◆ Task prompt ◆
An exact copy of the listing below is needed, with no pictures in it.
** Records for this task follows **
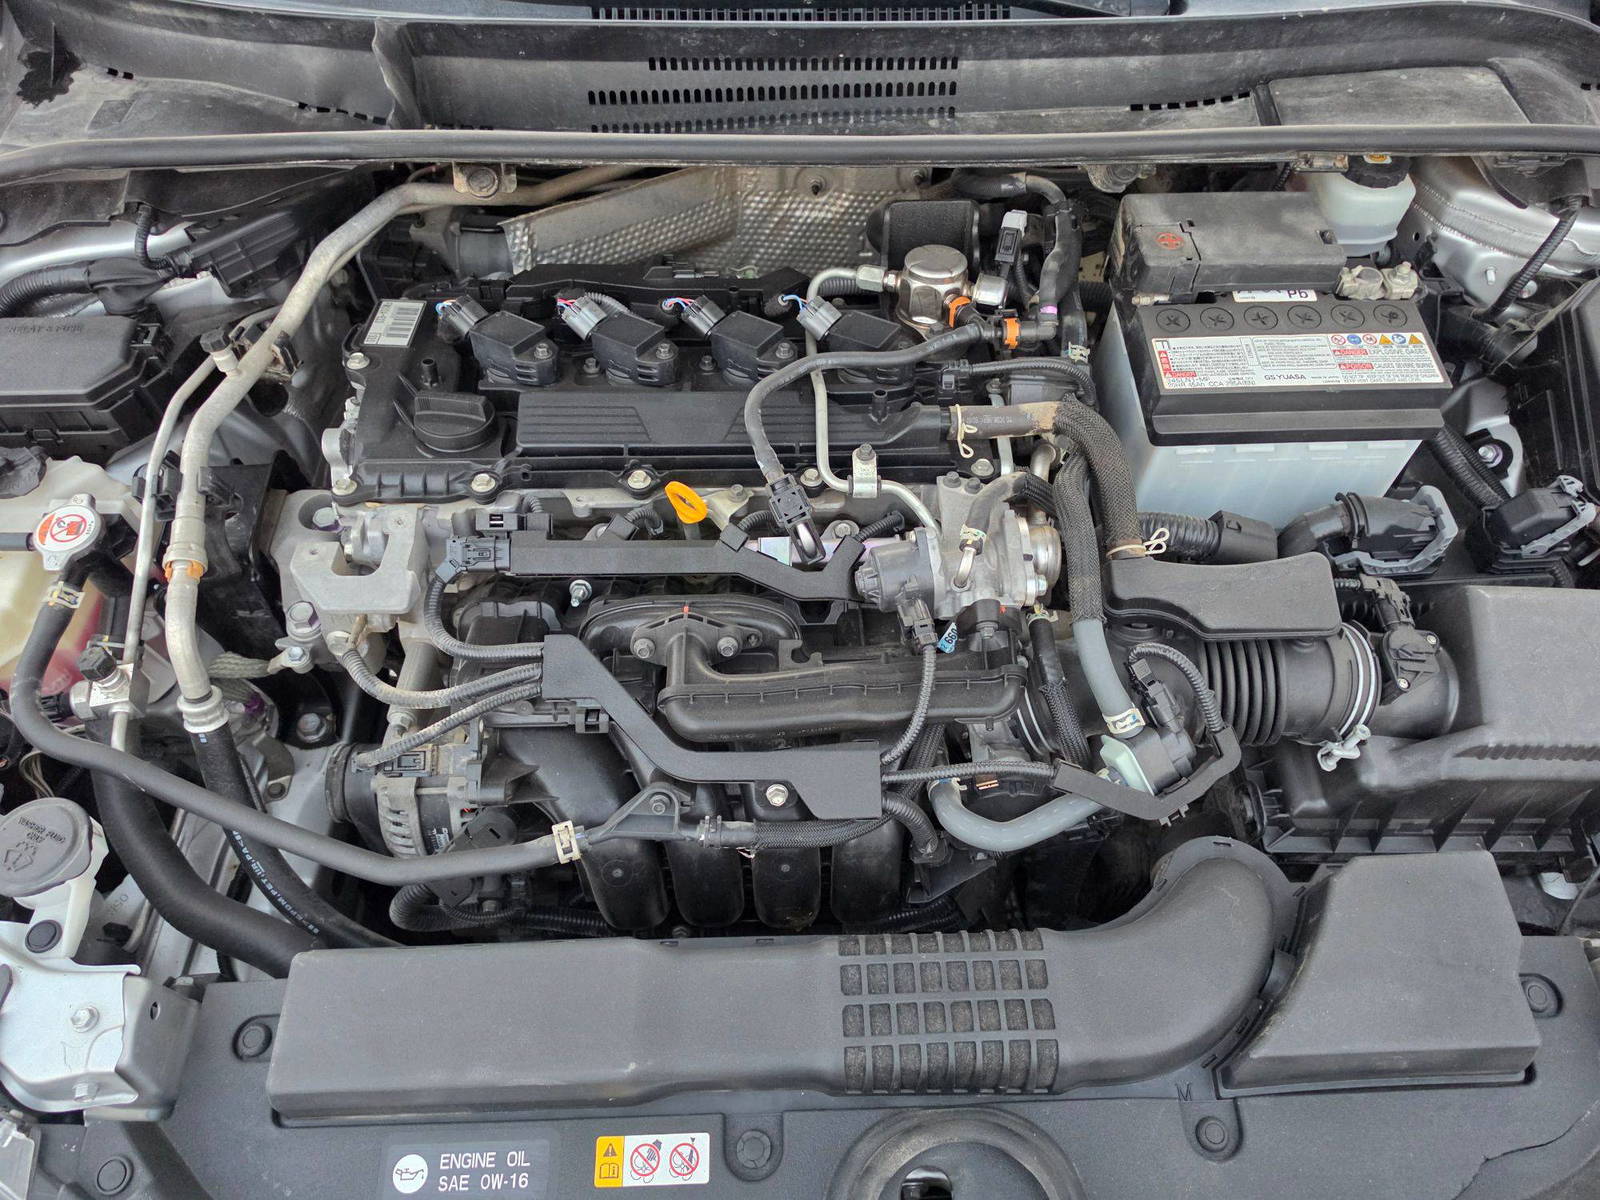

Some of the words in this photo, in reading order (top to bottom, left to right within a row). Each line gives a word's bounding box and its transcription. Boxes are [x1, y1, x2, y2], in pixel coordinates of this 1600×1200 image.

[1276, 373, 1307, 381] YUASA
[439, 1151, 496, 1170] ENGINE
[506, 1150, 531, 1168] OIL
[437, 1174, 470, 1192] SAE
[480, 1172, 529, 1190] 0W-16
** End of Records for this task **
◆ Response for this exercise ◆
Some of the words in this photo, in reading order (top to bottom, left to right within a row). Each line gives a word's bounding box and its transcription. Boxes are [x1, y1, x2, y2], in pixel coordinates of this 1600×1200 image.

[1276, 373, 1307, 381] YUASA
[439, 1151, 496, 1170] ENGINE
[506, 1150, 531, 1168] OIL
[437, 1174, 470, 1192] SAE
[480, 1172, 529, 1190] 0W-16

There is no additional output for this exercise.